— WORK REQUEST —
Retype the records in full, and please keep the pictures out of the copy.

— Stored items from a collection —

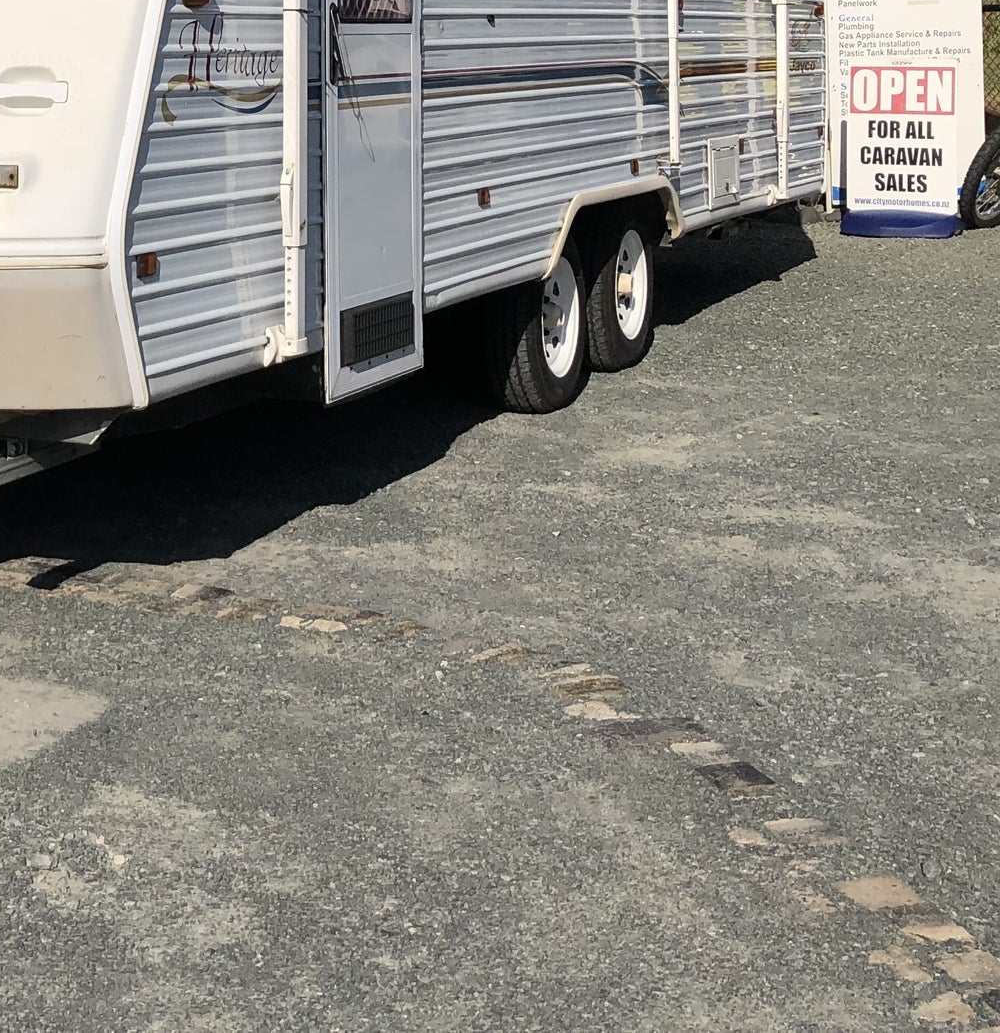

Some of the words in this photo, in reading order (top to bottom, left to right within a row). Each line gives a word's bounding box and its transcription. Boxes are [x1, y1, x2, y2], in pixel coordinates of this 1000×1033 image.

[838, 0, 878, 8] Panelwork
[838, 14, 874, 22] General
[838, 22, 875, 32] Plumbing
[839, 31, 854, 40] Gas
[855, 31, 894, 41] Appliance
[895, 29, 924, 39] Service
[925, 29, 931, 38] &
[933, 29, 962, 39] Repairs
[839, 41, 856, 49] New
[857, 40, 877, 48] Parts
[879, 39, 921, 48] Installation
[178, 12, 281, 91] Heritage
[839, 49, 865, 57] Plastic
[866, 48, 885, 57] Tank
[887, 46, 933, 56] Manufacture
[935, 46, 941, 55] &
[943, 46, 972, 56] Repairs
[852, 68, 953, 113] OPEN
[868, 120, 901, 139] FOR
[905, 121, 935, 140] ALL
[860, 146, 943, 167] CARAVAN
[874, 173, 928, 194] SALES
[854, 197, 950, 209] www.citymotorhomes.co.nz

— RESULT FOR THIS EXERCISE —
Some of the words in this photo, in reading order (top to bottom, left to right within a row). Each line gives a word's bounding box and its transcription. Boxes are [x1, y1, x2, y2], in pixel coordinates of this 1000×1033 image.

[838, 0, 878, 8] Panelwork
[838, 14, 874, 22] General
[838, 22, 875, 32] Plumbing
[839, 31, 854, 40] Gas
[855, 31, 894, 41] Appliance
[895, 29, 924, 39] Service
[925, 29, 931, 38] &
[933, 29, 962, 39] Repairs
[839, 41, 856, 49] New
[857, 40, 877, 48] Parts
[879, 39, 921, 48] Installation
[178, 12, 281, 91] Heritage
[839, 49, 865, 57] Plastic
[866, 48, 885, 57] Tank
[887, 46, 933, 56] Manufacture
[935, 46, 941, 55] &
[943, 46, 972, 56] Repairs
[852, 68, 953, 113] OPEN
[868, 120, 901, 139] FOR
[905, 121, 935, 140] ALL
[860, 146, 943, 167] CARAVAN
[874, 173, 928, 194] SALES
[854, 197, 950, 209] www.citymotorhomes.co.nz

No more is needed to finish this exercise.